The evolution of modern application development has led to a significant shift toward microservice-based architectures. This approach offers great flexibility and scalability, but it also introduces new complexities, particularly in the realm of security. In the past, engineering teams were responsible for a handful of security aspects in their monolithic applications. Now, with microservices, these responsibilities have multiplied exponentially. Engineering teams are now responsible for network security, identity and access management, TLS certificates, and vulnerability scanning—not just for one application, but potentially hundreds of individual services.
The sheer scale of this challenge makes manual vulnerability patching impractical, if not impossible. This is where automation becomes not just beneficial, but essential. Automation enables teams to implement security measures consistently across all services, respond rapidly to threats, and maintain compliance with regulatory requirements. Moreover, as applications grow and evolve, automation ensures that the security practices can scale accordingly. It provides the necessary control and governance to manage complex, distributed systems effectively.

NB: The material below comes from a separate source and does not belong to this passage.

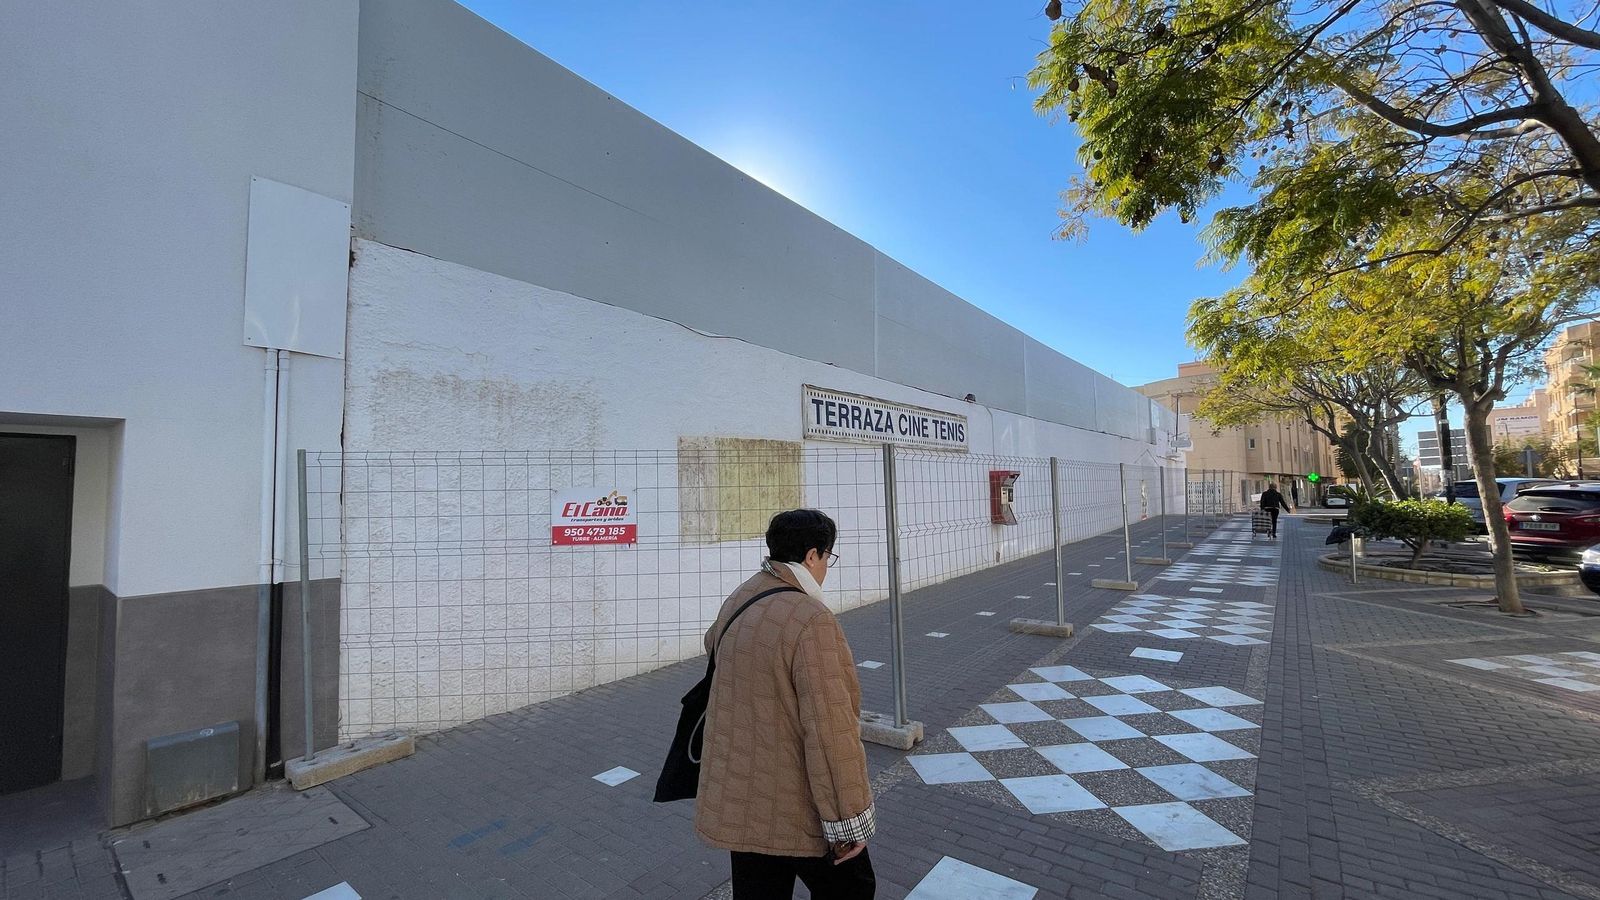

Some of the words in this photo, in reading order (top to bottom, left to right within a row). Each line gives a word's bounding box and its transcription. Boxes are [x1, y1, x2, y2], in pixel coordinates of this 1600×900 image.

Running applications in containers is a common approach for building microservices. It enables developers to maintain the same continuous integration (CI) pipeline for their applications, regardless of the container orchestration platform used. No matter which programming language you use for your application, the deployable artifact is a container image that commonly includes application code and its dependencies. Application development teams must scan those images for vulnerabilities to make sure of their safety before deploying them to cloud environments.
This post showcases how engineering teams can efficiently automate vulnerability remediation early in their continuous integration pipelines using the NVIDIA AI Blueprint for vulnerability analysis with NVIDIA NIM microservices, NVIDIA Morpheus, and AWS cloud-native services like Amazon EKS, AWS Lambda, and Amazon Inspector.

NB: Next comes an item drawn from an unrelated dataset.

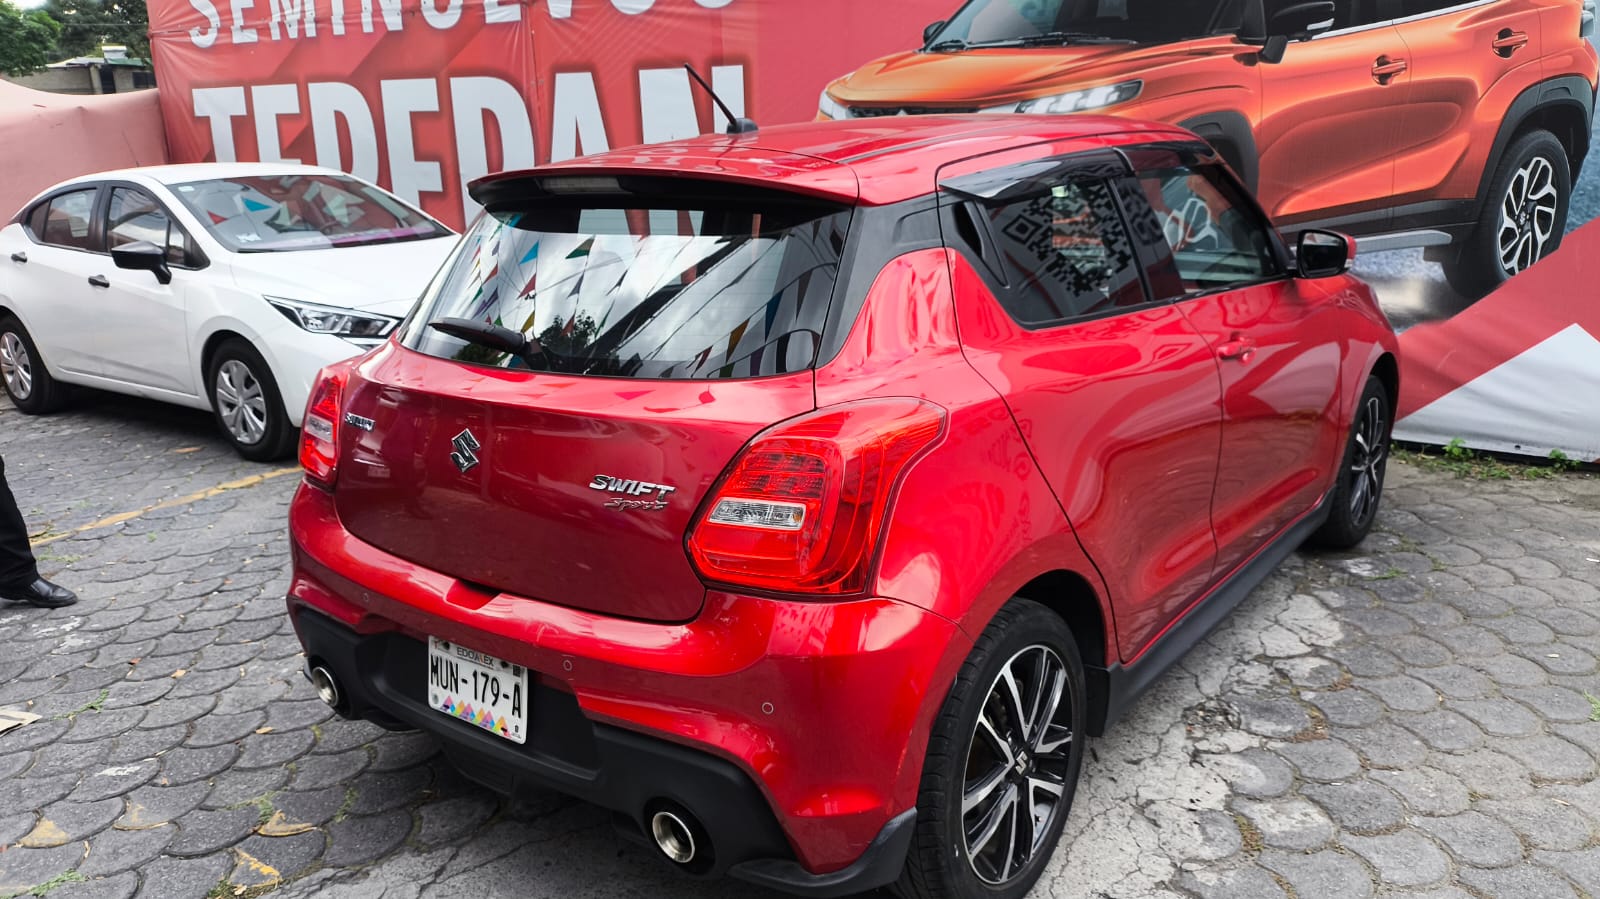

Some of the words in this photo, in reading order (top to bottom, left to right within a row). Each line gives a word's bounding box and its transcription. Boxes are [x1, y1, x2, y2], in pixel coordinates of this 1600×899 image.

[589, 474, 676, 500] SWIFT
[603, 497, 669, 512] Sport
[430, 653, 522, 719] MUN-179-A

NVIDIA Morpheus for near real-time threat detection
NVIDIA Morpheus is a GPU-accelerated, end-to-end AI framework to build, customize, and scale cybersecurity applications. It provides developers with an innovative AI-powered cybersecurity SDK designed to tackle the growing cybersecurity challenges in cloud and enterprise environments.

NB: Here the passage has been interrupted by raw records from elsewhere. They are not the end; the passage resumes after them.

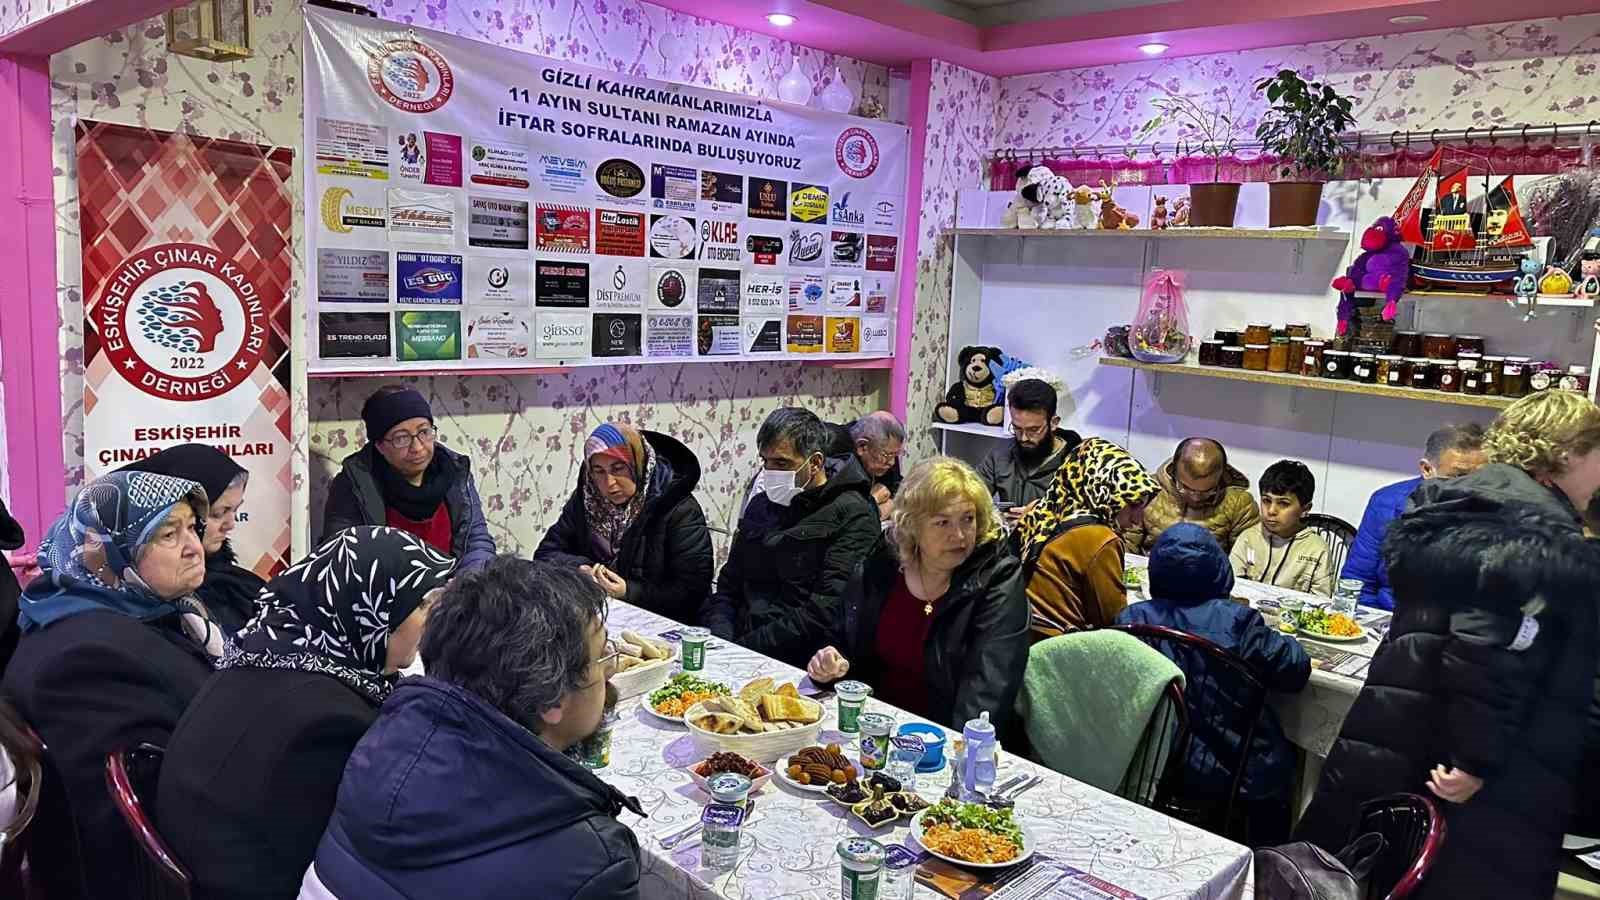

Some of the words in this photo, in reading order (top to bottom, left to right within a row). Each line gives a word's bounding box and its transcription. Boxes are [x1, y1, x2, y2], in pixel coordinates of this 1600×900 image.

[541, 68, 591, 90] GİZLİ
[596, 80, 773, 123] KAHRAMANLARIMIZLA
[508, 87, 530, 104] 11
[537, 93, 582, 113] AYIN
[588, 101, 660, 126] SULTANI
[666, 116, 740, 140] RAMAZAN
[744, 127, 795, 148] AYINDA
[498, 107, 556, 133] İFTAR
[561, 121, 692, 154] SOFRALARINDA
[697, 143, 802, 171] BULUŞUYORUZ
[345, 205, 384, 217] MESUT
[711, 220, 737, 244] KLAS
[103, 256, 153, 353] ESKİŞEHİR
[153, 248, 217, 269] ÇINAR
[219, 264, 265, 356] KADINLARI
[169, 356, 206, 371] 2022
[140, 366, 232, 397] DERNEĞİ
[134, 423, 242, 444] ESKİŞEHİR

Morpheus leverages the power of GPUs to process and analyze vast amounts of data at unprecedented speeds and uses machine learning (ML) models and large language models (LLMs) to identify patterns and anomalies that might indicate security threats like: phishing attempts, malware infections, or insider threats. The framework can be integrated with existing security infrastructure, as described in this post, enhancing the organization’s ability to detect and respond to threats in near real-time.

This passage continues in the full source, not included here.